**Work instruction**
Copy every entry below verbatim, except for images.

**Records shown**

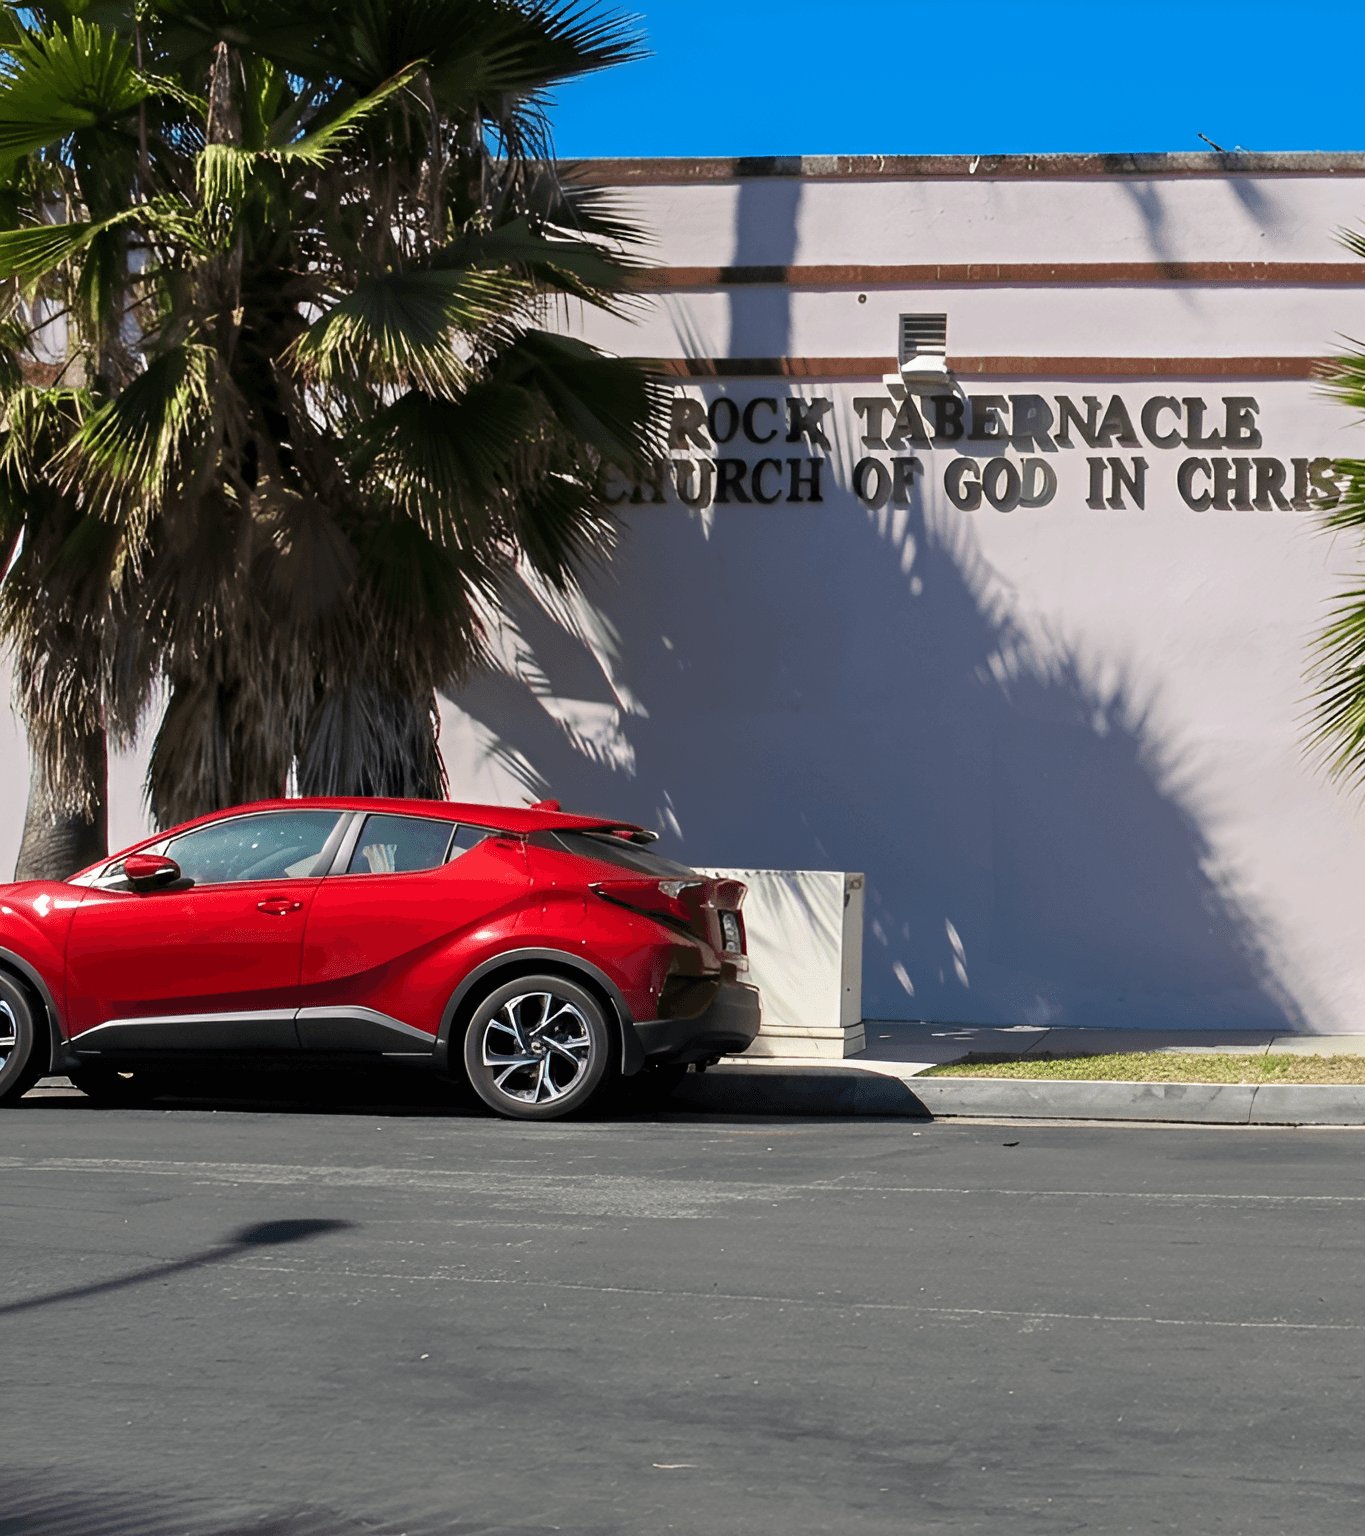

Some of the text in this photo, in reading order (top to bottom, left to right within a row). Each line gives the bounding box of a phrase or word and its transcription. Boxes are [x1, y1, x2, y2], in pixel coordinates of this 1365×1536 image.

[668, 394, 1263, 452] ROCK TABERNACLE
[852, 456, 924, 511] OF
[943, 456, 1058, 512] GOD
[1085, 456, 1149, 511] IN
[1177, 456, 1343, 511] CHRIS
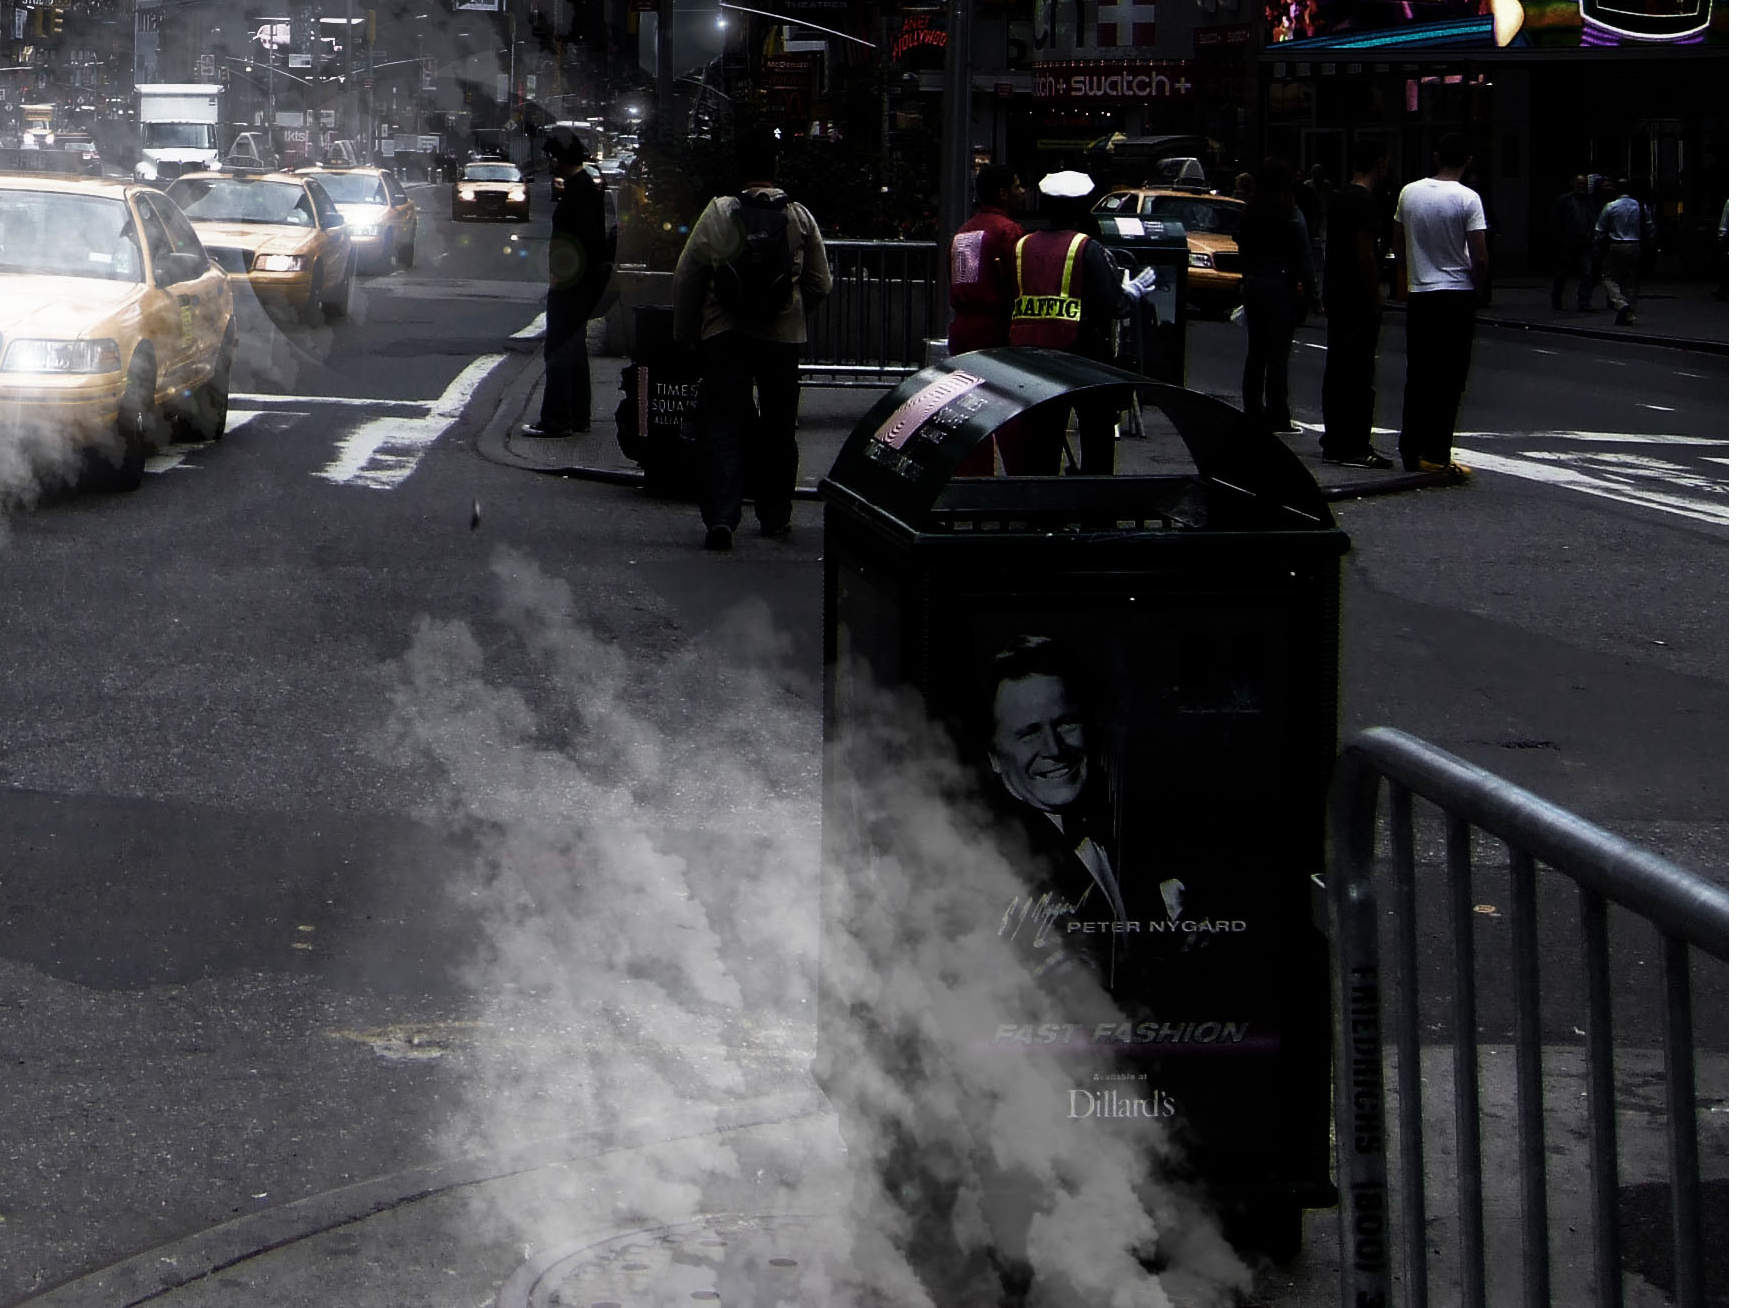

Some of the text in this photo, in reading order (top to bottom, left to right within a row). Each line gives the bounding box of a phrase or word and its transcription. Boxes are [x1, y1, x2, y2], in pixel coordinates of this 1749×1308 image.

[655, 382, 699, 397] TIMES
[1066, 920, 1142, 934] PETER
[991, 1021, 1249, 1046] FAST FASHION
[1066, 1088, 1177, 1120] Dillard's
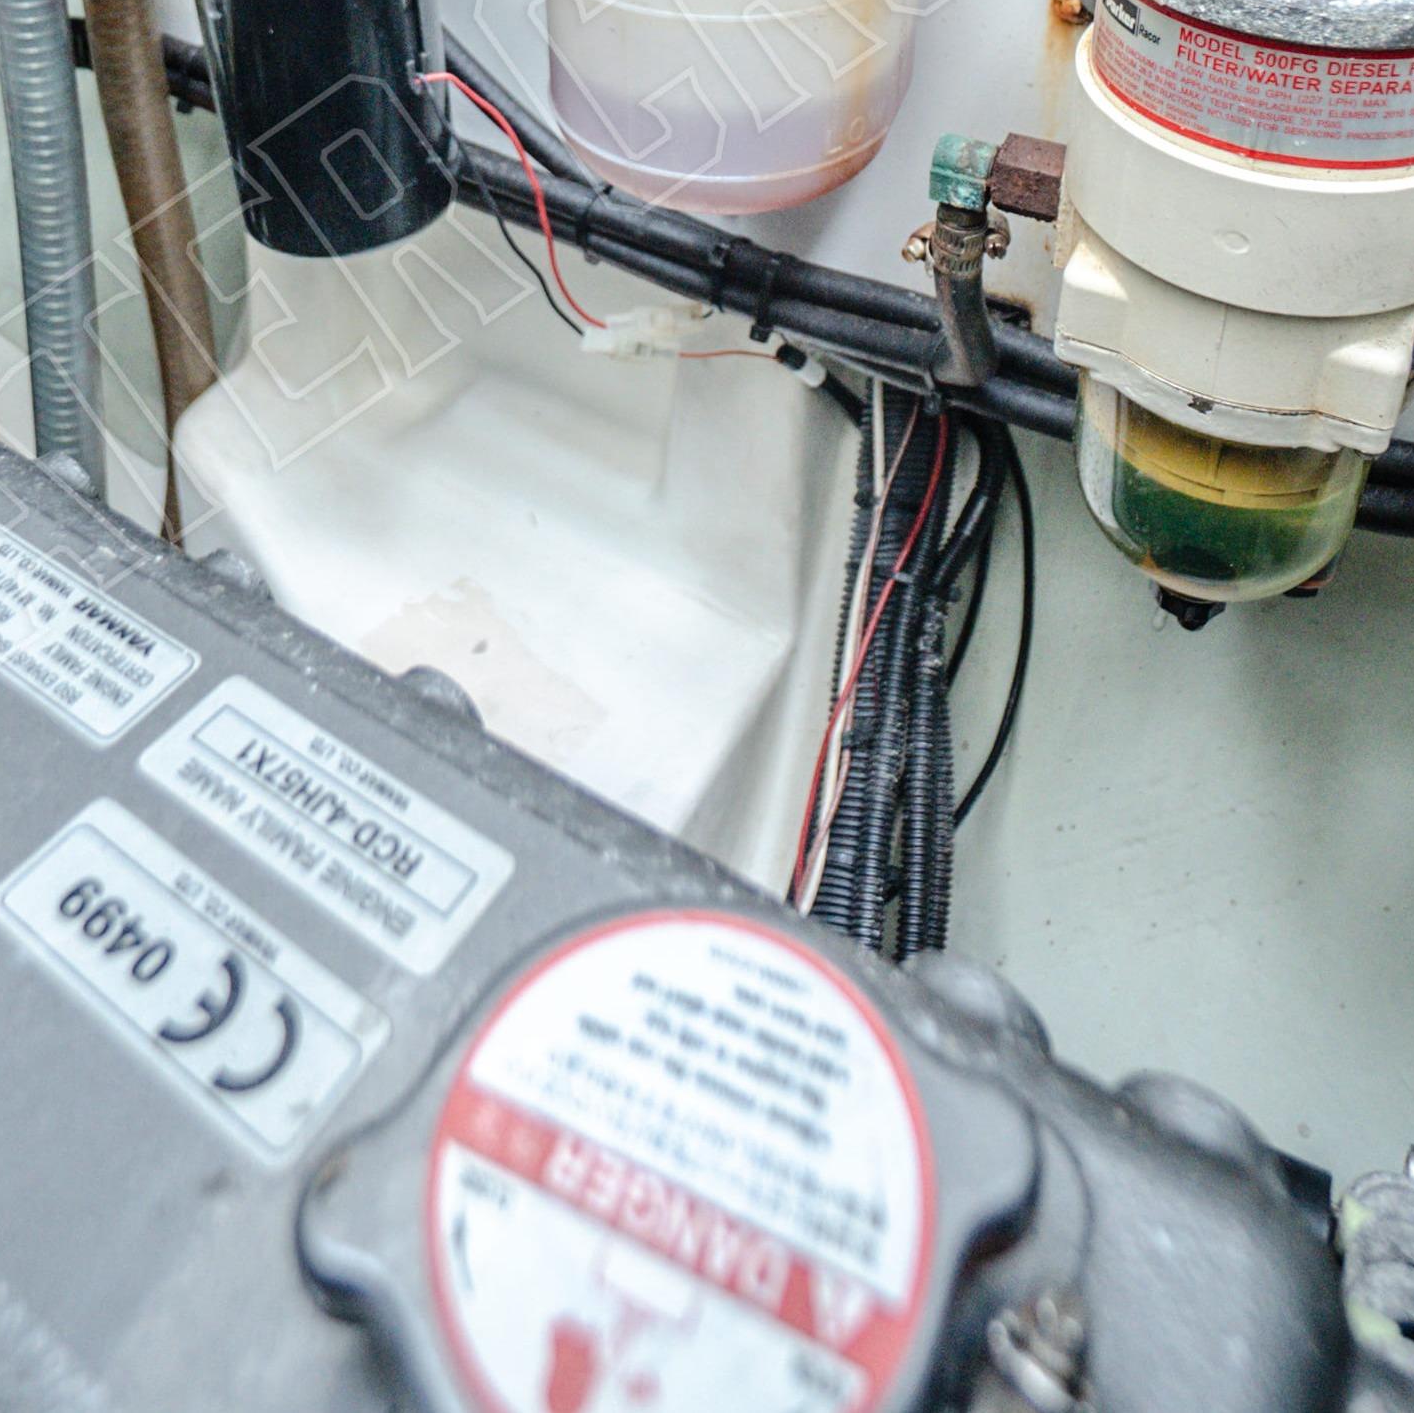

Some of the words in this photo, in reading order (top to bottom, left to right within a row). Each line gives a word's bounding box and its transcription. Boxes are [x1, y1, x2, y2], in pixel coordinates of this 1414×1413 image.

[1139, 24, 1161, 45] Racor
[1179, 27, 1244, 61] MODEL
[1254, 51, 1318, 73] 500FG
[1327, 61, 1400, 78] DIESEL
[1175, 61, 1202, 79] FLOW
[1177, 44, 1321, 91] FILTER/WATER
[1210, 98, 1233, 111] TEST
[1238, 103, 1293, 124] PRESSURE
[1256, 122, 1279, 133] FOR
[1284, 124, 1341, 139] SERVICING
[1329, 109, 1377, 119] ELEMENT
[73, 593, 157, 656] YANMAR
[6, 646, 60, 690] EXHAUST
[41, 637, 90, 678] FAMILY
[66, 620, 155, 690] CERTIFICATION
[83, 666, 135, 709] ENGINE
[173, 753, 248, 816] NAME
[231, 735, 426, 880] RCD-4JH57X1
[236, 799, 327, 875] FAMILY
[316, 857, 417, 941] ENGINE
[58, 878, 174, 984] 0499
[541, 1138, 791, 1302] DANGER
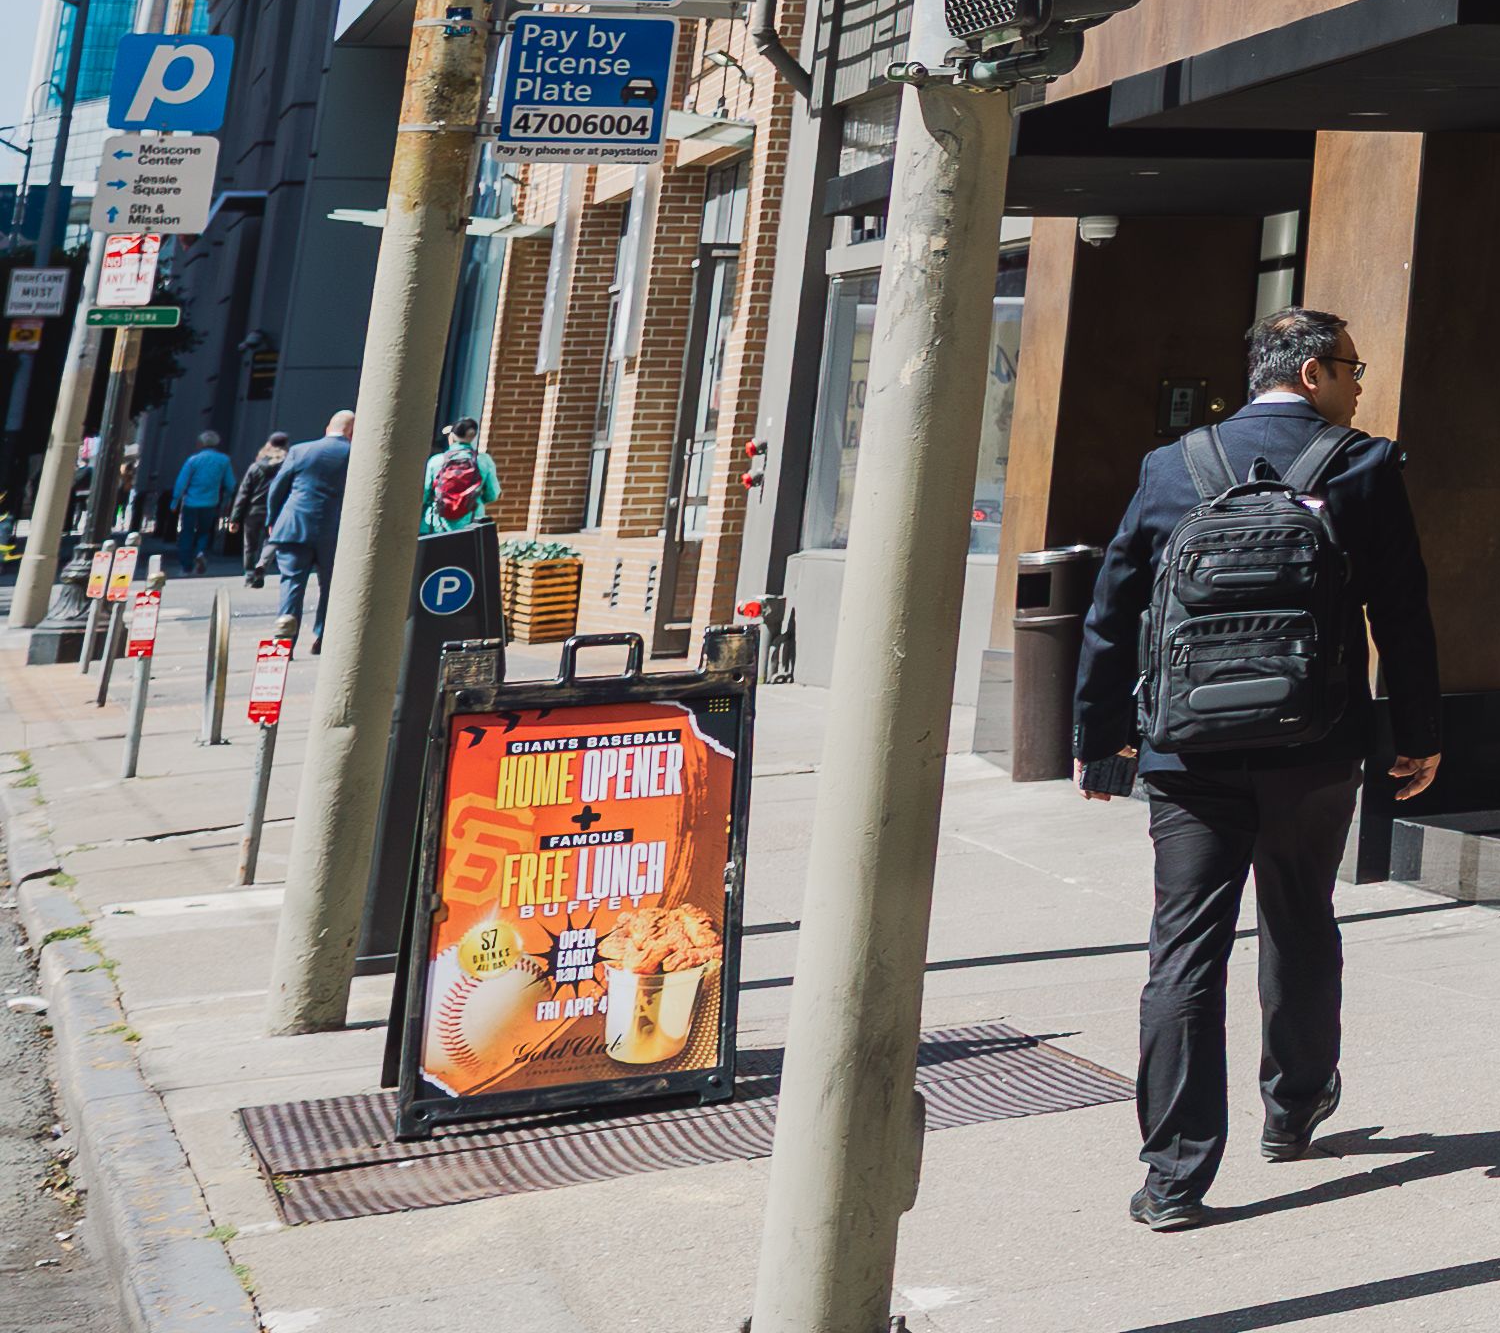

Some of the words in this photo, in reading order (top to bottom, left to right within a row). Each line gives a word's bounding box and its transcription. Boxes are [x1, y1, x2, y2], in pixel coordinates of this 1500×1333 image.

**Answer for this exercise**
Some of the text in this photo, in reading order (top to bottom, left to right within a row). Each line gives the bounding box of a phrase or word and its transcription. Boxes are [x1, y1, x2, y2], in pixel coordinates of this 1365×1536 image.

[668, 394, 1263, 452] ROCK TABERNACLE
[852, 456, 924, 511] OF
[943, 456, 1058, 512] GOD
[1085, 456, 1149, 511] IN
[1177, 456, 1343, 511] CHRIS

Some of the text in this photo, in reading order (top to bottom, left to right within a row). Each line gives the bounding box of a phrase or word and its transcription. Boxes are [x1, y1, x2, y2], in pixel coordinates of this 1749×1308 image.

[655, 382, 699, 397] TIMES
[1066, 920, 1142, 934] PETER
[991, 1021, 1249, 1046] FAST FASHION
[1066, 1088, 1177, 1120] Dillard's

Some of the words in this photo, in reading order (top to bottom, left to right within a row). Each line gives a word's bounding box and its transcription. Boxes are [x1, y1, x2, y2], in pixel coordinates of this 1414×1413 image.

[1139, 24, 1161, 45] Racor
[1179, 27, 1244, 61] MODEL
[1254, 51, 1318, 73] 500FG
[1327, 61, 1400, 78] DIESEL
[1175, 61, 1202, 79] FLOW
[1177, 44, 1321, 91] FILTER/WATER
[1210, 98, 1233, 111] TEST
[1238, 103, 1293, 124] PRESSURE
[1256, 122, 1279, 133] FOR
[1284, 124, 1341, 139] SERVICING
[1329, 109, 1377, 119] ELEMENT
[73, 593, 157, 656] YANMAR
[6, 646, 60, 690] EXHAUST
[41, 637, 90, 678] FAMILY
[66, 620, 155, 690] CERTIFICATION
[83, 666, 135, 709] ENGINE
[173, 753, 248, 816] NAME
[231, 735, 426, 880] RCD-4JH57X1
[236, 799, 327, 875] FAMILY
[316, 857, 417, 941] ENGINE
[58, 878, 174, 984] 0499
[541, 1138, 791, 1302] DANGER

Some of the words in this photo, in reading order (top to bottom, left to right within a row). Each line gives a word's bounding box and its transcription. Boxes are [x1, y1, x2, y2], in pixel coordinates of this 1500×1333 image.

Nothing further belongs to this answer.